The problem you have is related to TCP streaming nature.

The fact that you sent 100 Bytes (for example) from the server doesn't mean you will read 100 Bytes in the client the first time you read. Maybe the bytes sent from the server arrive in several TCP segments to the client.

You need to implement a loop in which you read until the whole message was received. Let me provide an example with DataInputStream instead of BufferedinputStream.
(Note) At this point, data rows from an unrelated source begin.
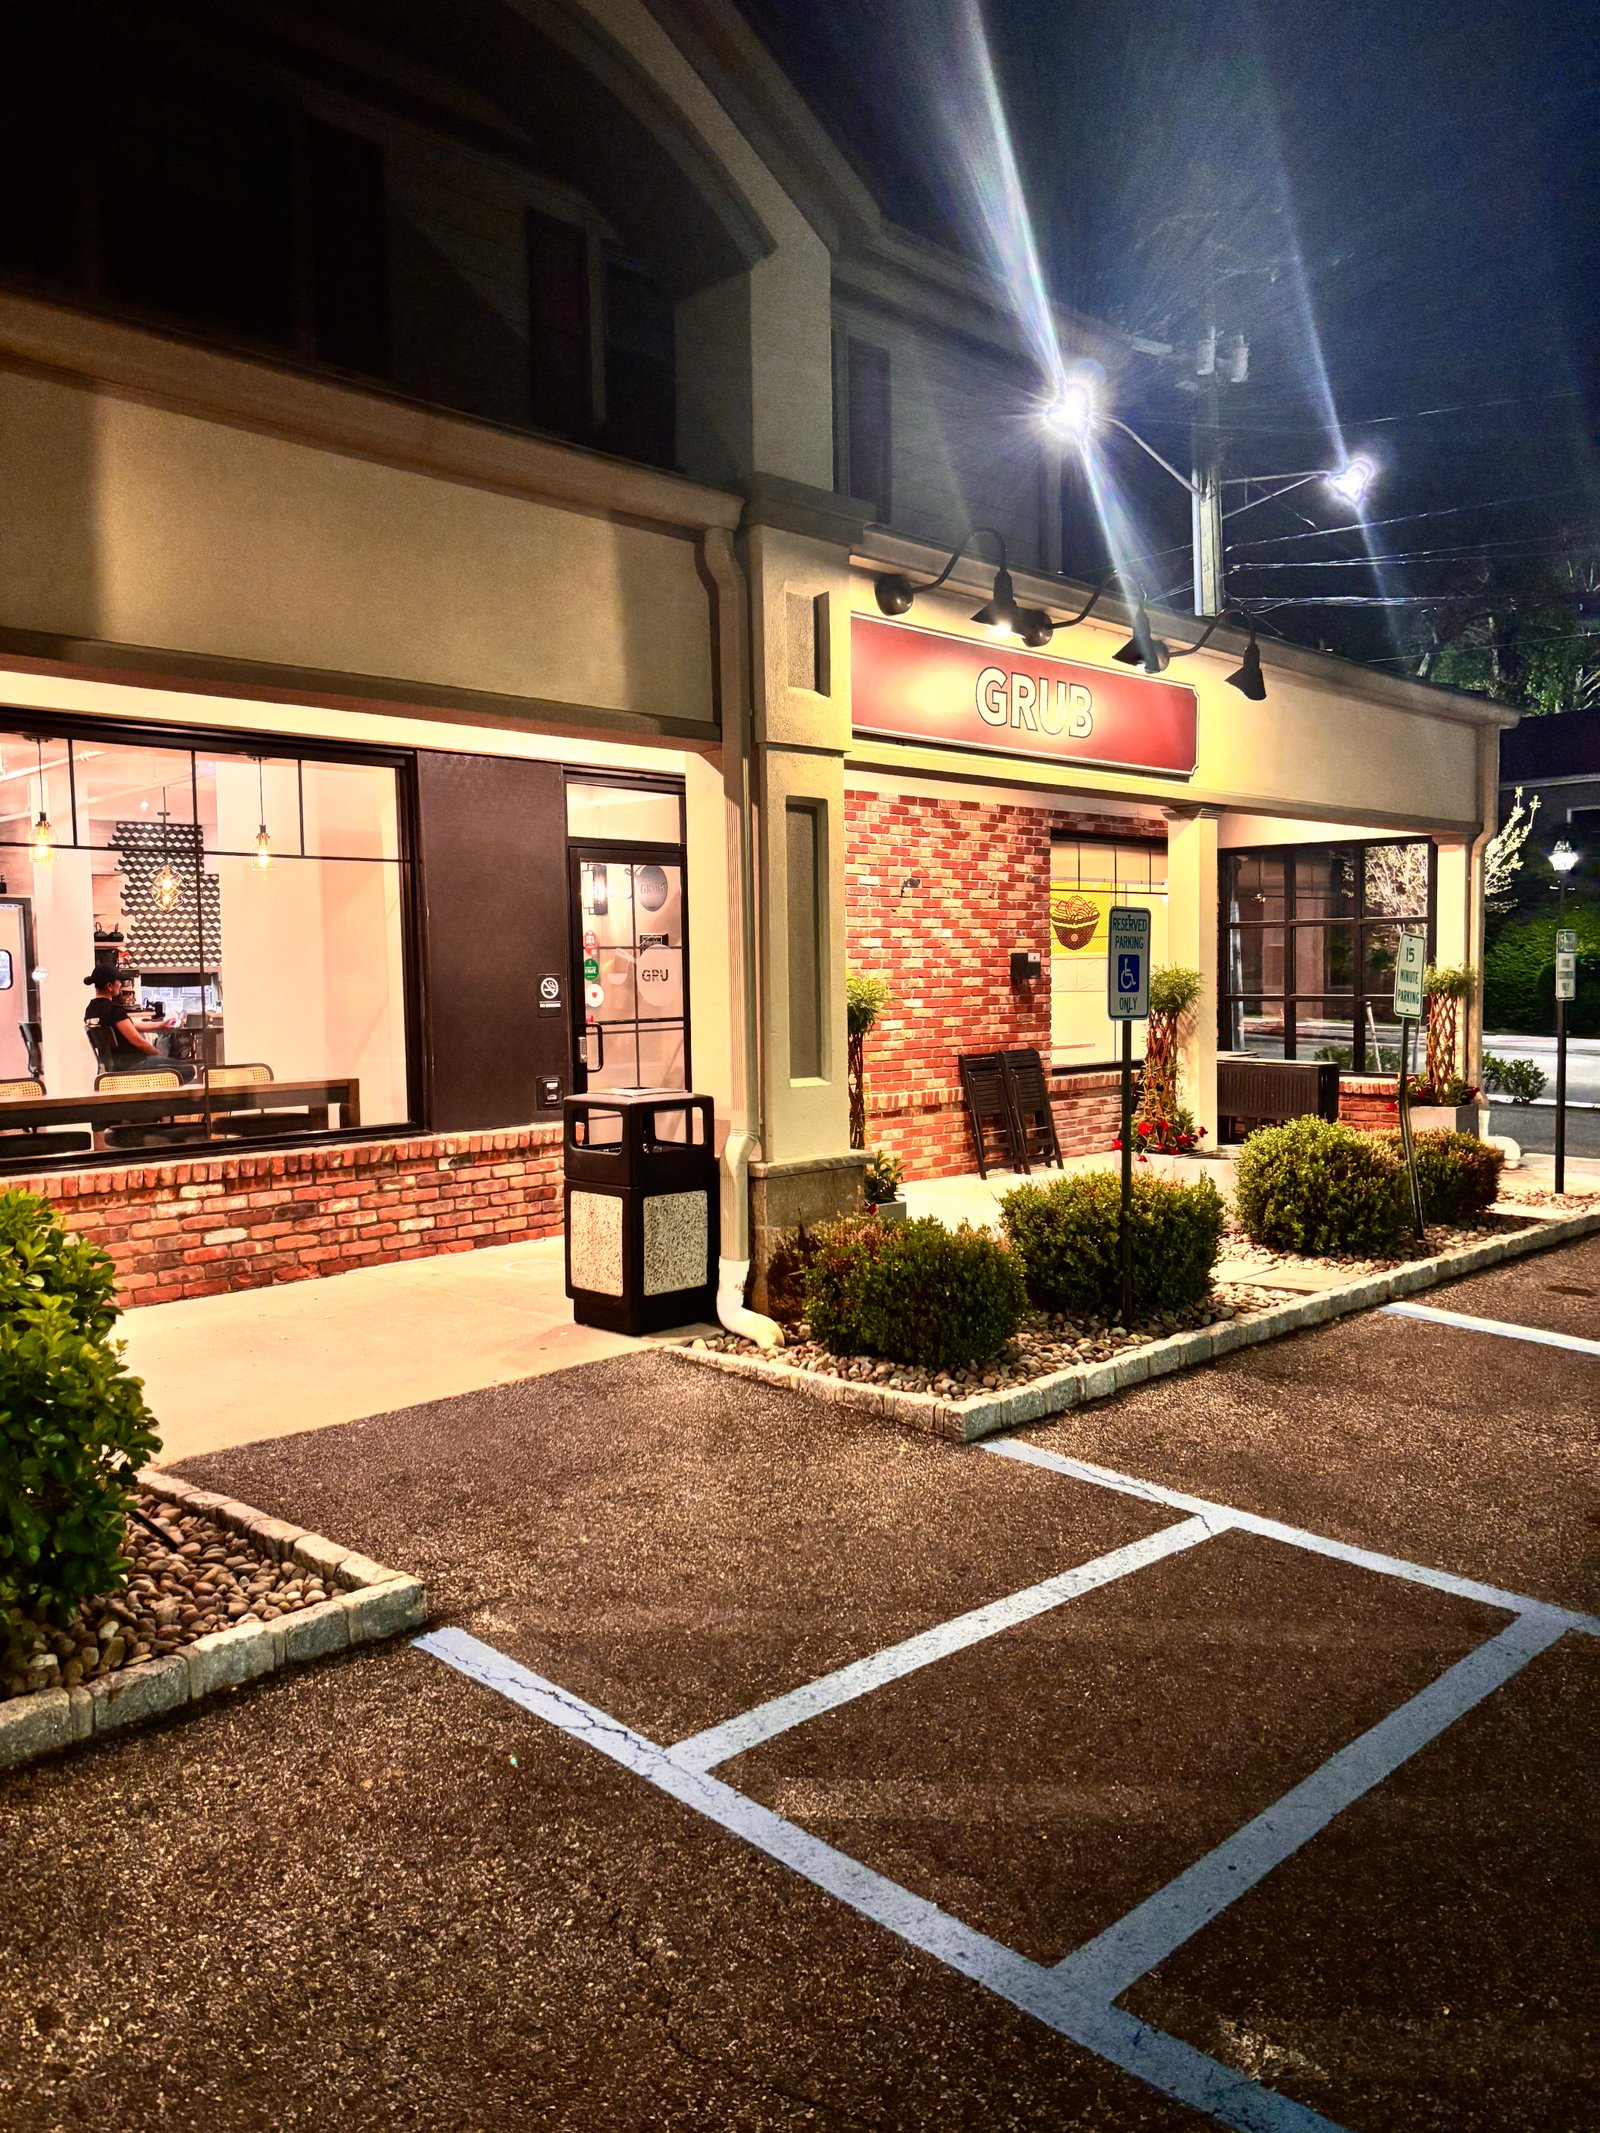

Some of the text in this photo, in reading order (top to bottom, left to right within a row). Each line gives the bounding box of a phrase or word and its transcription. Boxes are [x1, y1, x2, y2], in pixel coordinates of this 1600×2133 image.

[975, 666, 1093, 738] GRUB
[1112, 918, 1147, 932] RESERVED
[1115, 936, 1144, 949] PARKING
[1406, 947, 1415, 962] 15
[1400, 969, 1419, 984] MINUTE
[1119, 997, 1138, 1011] ONLY
[1398, 989, 1419, 1004] PARKING
Something very simple to give you just an example.

Let's suppose you know beforehand the server is to send 100 Bytes of data.

In client you need to write:

byte[] messageByte = new byte[1000];
boolean end = false;
String dataString = "";

try 
{
    DataInputStream in = new DataInputStream(clientSocket.getInputStream());

    while(!end)
    {
        int bytesRead = in.read(messageByte);
        dataString += new String(messageByte, 0, bytesRead);
        if (dataString.length == 100)
        {
            end = true;
        }
    }
    System.out.println("MESSAGE: " + dataString);
}
catch (Exception e)
{
    e.printStackTrace();
}

Now, typically the data size sent by one node (the server here) is not known beforehand. Then you need to define your own small protocol for the communication between server and client (or any two nodes) communicating with TCP.
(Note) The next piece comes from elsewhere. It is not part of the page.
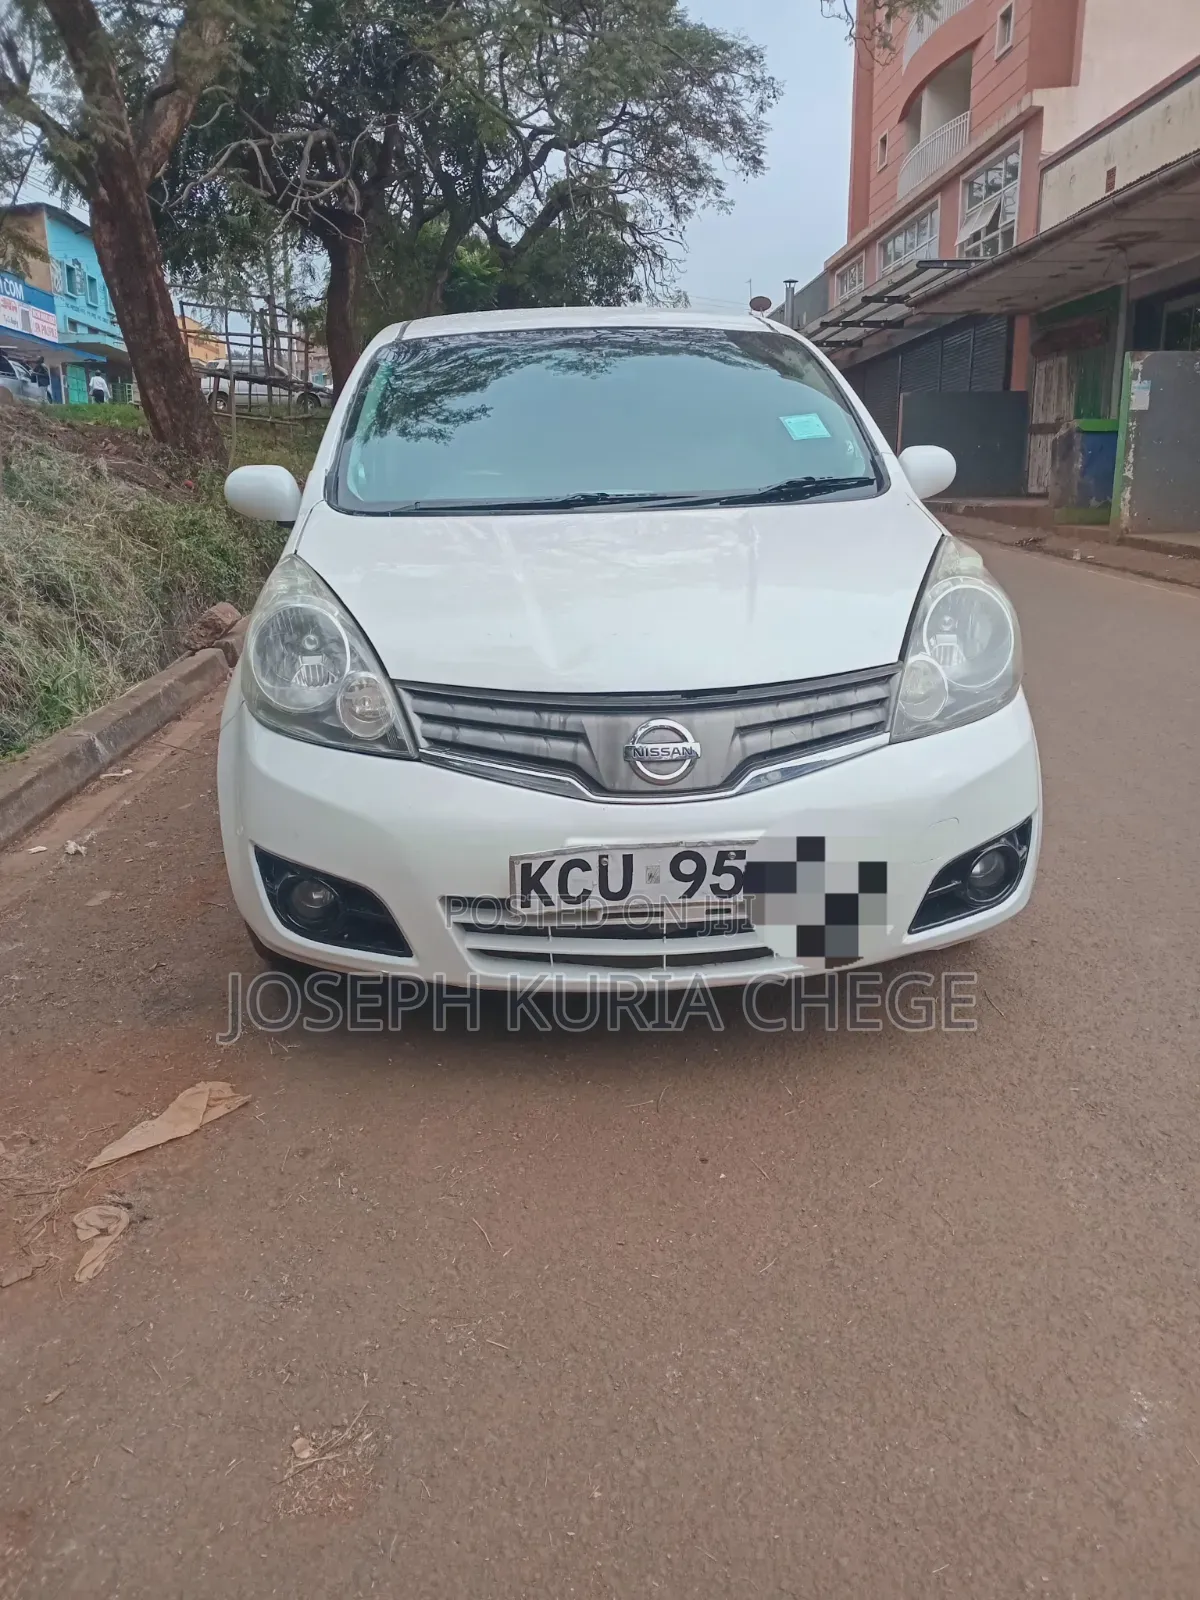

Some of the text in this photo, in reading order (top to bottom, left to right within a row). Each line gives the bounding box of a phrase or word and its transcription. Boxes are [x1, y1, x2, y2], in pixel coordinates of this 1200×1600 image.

The most common and simple is to define TLV: Type, Length, Value. So you define that every message sent form server to client comes with:

  • 1 Byte indicating type (For example, it could also be 2 or whatever).
  • 1 Byte (or whatever) for length of message
  • N Bytes for the value (N is indicated in length).

So you know you have to receive a minimum of 2 Bytes and with the second Byte you know how many following Bytes you need to read.

This is just a suggestion of a possible protocol. You could also get rid of "Type".

So it would be something like:

byte[] messageByte = new byte[1000];
boolean end = false;
String dataString = "";

try 
{
    DataInputStream in = new DataInputStream(clientSocket.getInputStream());
    int bytesRead = 0;

    messageByte[0] = in.readByte();
    messageByte[1] = in.readByte();

    int bytesToRead = messageByte[1];

    while(!end)
    {
        bytesRead = in.read(messageByte);
        dataString += new String(messageByte, 0, bytesRead);
        if (dataString.length == bytesToRead )
        {
            end = true;
        }
    }
    System.out.println("MESSAGE: " + dataString);
}
catch (Exception e)
{
    e.printStackTrace();
}

The following code compiles and looks better. It assumes the first two bytes providing the length arrive in binary format, in network endianship (big endian). No focus on different encoding types for the rest of the message.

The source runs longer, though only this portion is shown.